= Hans Otto Storm =

American novelist

Hans Otto Storm (1895–1941) was a German-American novelist and radio engineer. His literary reputation quickly faded into obscurity after his early death, but in the 1940s received some positive praise from literary critic Edmund Wilson.

He is one of many people who has been speculatively suggested to be the pseudonymous writer B. Traven.

==Life==
Storm was born in Bloomington, California to German parents who may have been refugees fleeing anti-socialist fervor following the failed Revolutions of 1848. He studied engineering at Stanford University and entered the emerging field of radio. He traveled in South and Central America, including long spells in Nicaragua and Peru. He served two years with a United States Army hospital during World War I.

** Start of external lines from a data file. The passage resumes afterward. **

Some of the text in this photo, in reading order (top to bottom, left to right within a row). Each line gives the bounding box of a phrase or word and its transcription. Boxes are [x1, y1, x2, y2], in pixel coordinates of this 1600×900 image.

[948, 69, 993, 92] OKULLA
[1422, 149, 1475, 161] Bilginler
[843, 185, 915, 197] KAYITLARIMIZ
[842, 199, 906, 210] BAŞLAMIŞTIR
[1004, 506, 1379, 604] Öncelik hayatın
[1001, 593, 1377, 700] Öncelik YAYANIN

Storm died of accidental electrocution on December 11, 1941, a few days after the attack on Pearl Harbor, while rushing to complete a large radio transformer for the Army Signal Corps in a laboratory in San Francisco.

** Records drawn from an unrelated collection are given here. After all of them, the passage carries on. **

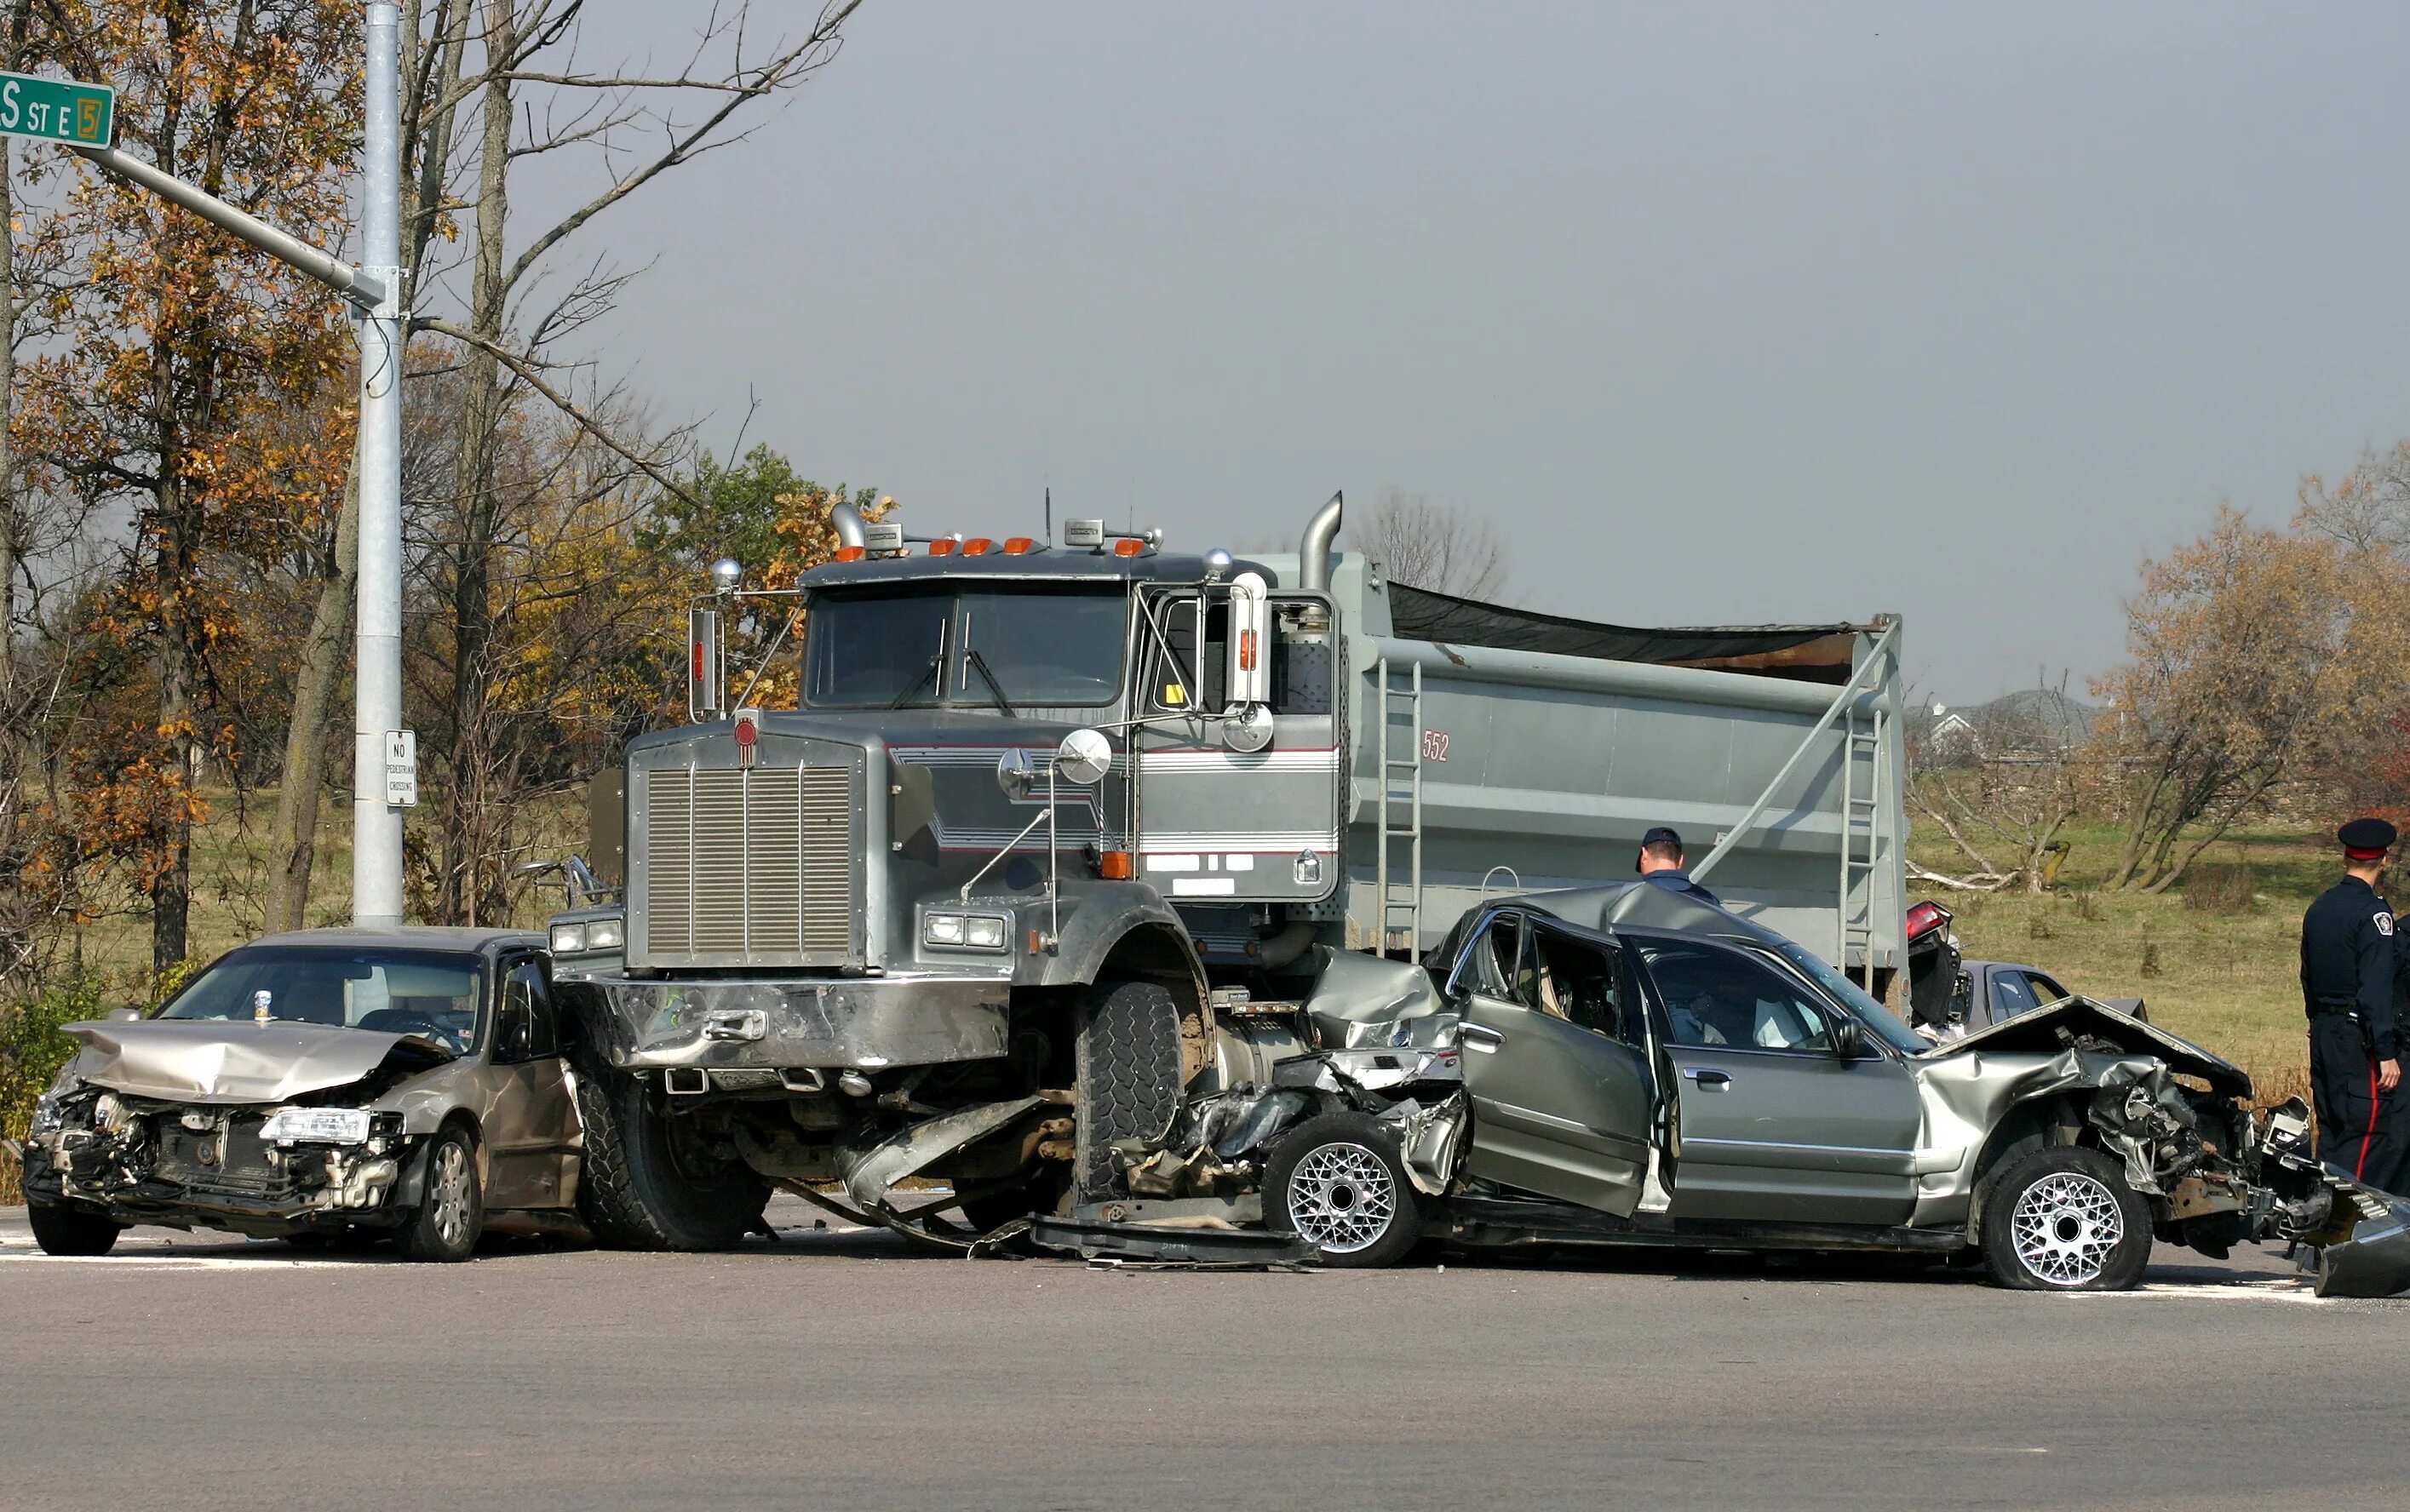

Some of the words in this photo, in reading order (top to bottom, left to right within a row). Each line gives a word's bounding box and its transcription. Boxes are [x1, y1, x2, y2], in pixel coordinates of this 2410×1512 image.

[0, 80, 20, 129] S
[27, 101, 50, 132] ST
[58, 106, 72, 136] E
[82, 104, 96, 133] 5
[393, 743, 405, 758] NO
[1423, 729, 1449, 762] 552

His literary papers are archived at Bancroft Library at the University of California, Berkeley.

==Novels==
Storm's first novel, Full Measure (1929), is about industrial expansion and is strongest on the subject of radio engineering and equipment. It "received mildly positive reviews but sold little over a thousand copies." His next novel, Pity the Tyrant (1937), is about an American engineer who becomes involved in a Peruvian revolution who is "sorely perplexed between his job, his proletarian political sympathies and his love affair with a South American lady." Edmund Wilson considered it Storm's best work. The tyrant of the title is based on Augusto Leguía, President of Peru from 1919 to 1930, "whose rule was marked by rebellion, suppression of his opponents, and widespread corruption." His next novel, Made in the USA (1939) is a "social fable" about a tramp steamer full of passengers that becomes stuck on a sandbar in the South Pacific. Civilized behavior deteriorates and the passengers break into two warring camps.

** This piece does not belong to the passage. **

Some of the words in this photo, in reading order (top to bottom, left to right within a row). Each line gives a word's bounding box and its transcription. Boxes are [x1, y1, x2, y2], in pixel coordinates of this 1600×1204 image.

His last novel, Count Ten (1940) is his longest and most heavily marketed; it follows thirty years of the life of its protagonist, Eric Marsden. In Edmund Wilson's estimation, the novel is "very much inferior on the whole to the ones that had gone before." Wilson also thought that it showed "what seemed internal evidence of having been written earlier," giving off the air of "one of those autobiographical novels that young men begin in college and carry around for years in old trunks."